Those kinds of deposits are red flags for illegal activity and attracted the attention of federal investigators.

In typical Ponzi fashion, Mr. Melucci said, when investors wanted their money, he told them he was having problems with borrowers and persuaded clients to roll over their notes and keep their money in his program for additional years.

“It was the inevitable result of the Ponzi scheme that as fewer clients invested in the Promissory Note program, Hogan had inadequate money to make ‘interest’ payments to early investors, which resulted in the collapse of the Ponzi scheme,” Mr. Melucci wrote in the charging documents.

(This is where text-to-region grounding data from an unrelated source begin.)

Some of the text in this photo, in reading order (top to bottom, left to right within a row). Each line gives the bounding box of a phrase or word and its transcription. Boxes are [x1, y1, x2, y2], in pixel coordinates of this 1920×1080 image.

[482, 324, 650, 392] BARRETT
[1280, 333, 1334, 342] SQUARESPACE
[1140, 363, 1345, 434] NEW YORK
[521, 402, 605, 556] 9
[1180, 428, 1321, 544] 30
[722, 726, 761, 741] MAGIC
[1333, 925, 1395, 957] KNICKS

After Mr. Melucci read a long recitation of crimes, Judge Hornak asked if Mr. Hogan concurred with the government’s version of what he did.

“I agree,” he said.

The remaining question is what happened to the $8 million.

“Mr. Hogan,” asked Judge Hornak, “where’s the money?”

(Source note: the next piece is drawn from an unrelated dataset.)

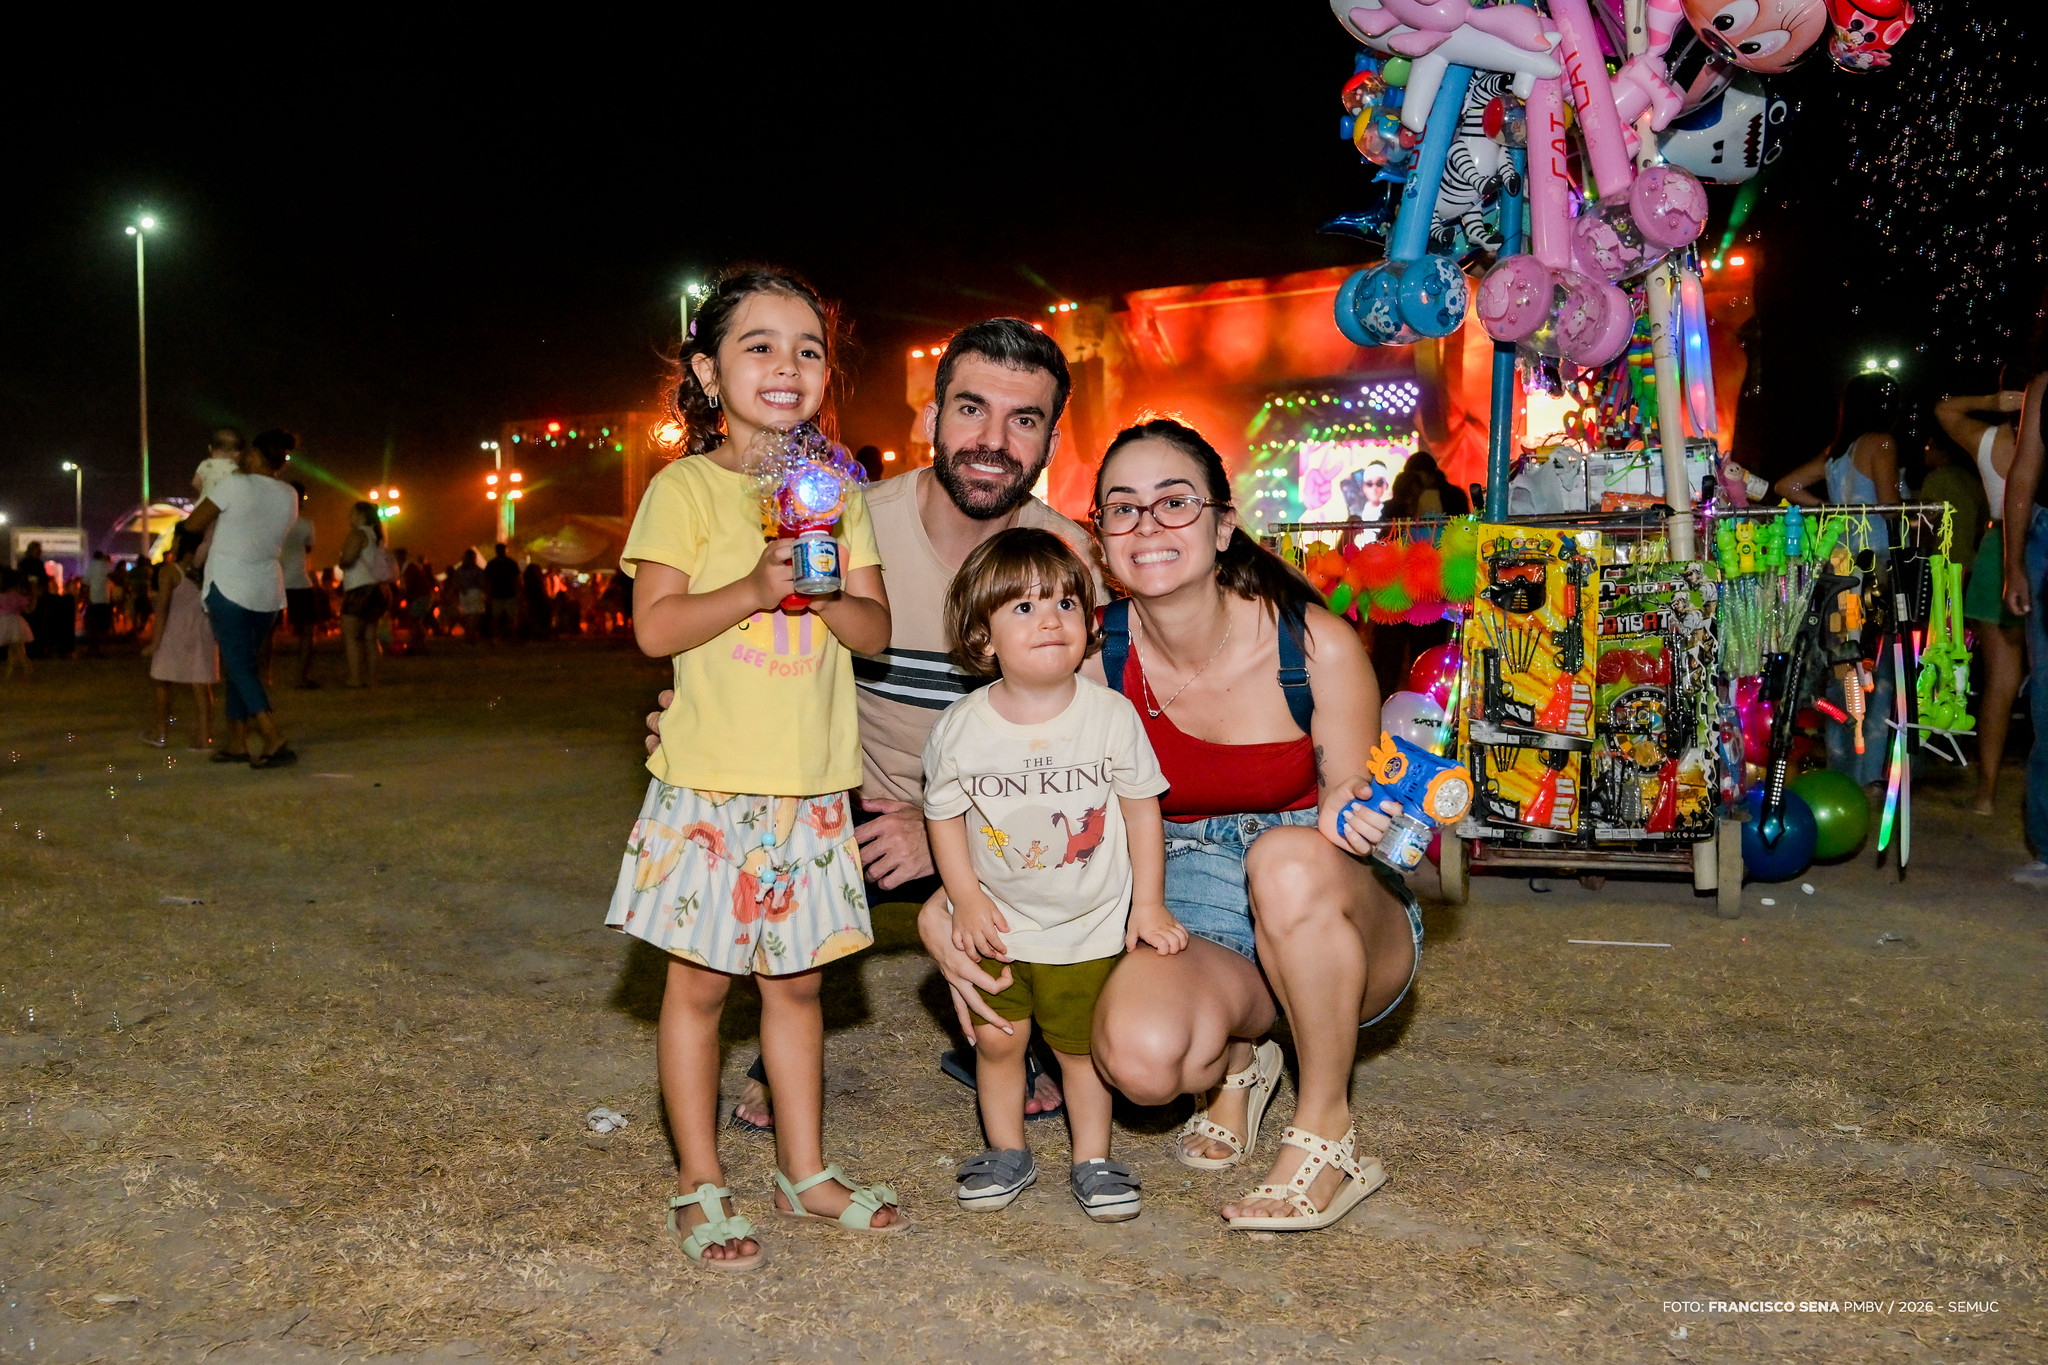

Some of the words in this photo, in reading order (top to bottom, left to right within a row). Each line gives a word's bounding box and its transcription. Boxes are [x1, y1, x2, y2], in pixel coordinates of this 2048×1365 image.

[731, 643, 767, 669] BEE
[768, 655, 824, 677] POSITI
[1023, 756, 1053, 769] THE
[970, 774, 1028, 798] ION

J. Alan Johnson, Mr. Hogan’s lawyer, said he had bought about 25 condos and other properties across the United States over the years, in locales ranging from Arizona to Florida and Hawaii. He sold some, and others are encumbered with heavy debt or liens; none of the properties is worth enough for prosecutors to seize.

Mr. Johnson said the value of Mr. Hogan’s real estate investments declined dramatically in 2008 when the housing bubble burst.

“He does not live a high life,” he said. “He doesn’t seem to be wealthy at all.”

Agents are still trying to track the money trail.

Mr. Melucci said prosecutors haven’t found any significant assets, but any they do locate will be used to pay restitution to the fleeced clients.

The government is seeking to send Mr. Hogan to prison for up to five years when he is sentenced in August.

Judge Hornak, noting Mr. Hogan’s age, the fact that he stole $8 million and had “properties all over the place,” was reluctant to release him because of the risk he might use hidden assets to flee before his court date.

But after assurances from his lawyer and from the prosecution that his money is gone and a promise to show up for his sentencing, the judge let him go on a $250,000 bond.

But he warned Mr. Hogan that the U.S. marshals are assigned to find people who try to disappear.

“And they always do,” he said.

Torsten Ove: tove@post-gazette.com or 412-944-6551.

First Published: April 27, 2017, 5:01 p.m.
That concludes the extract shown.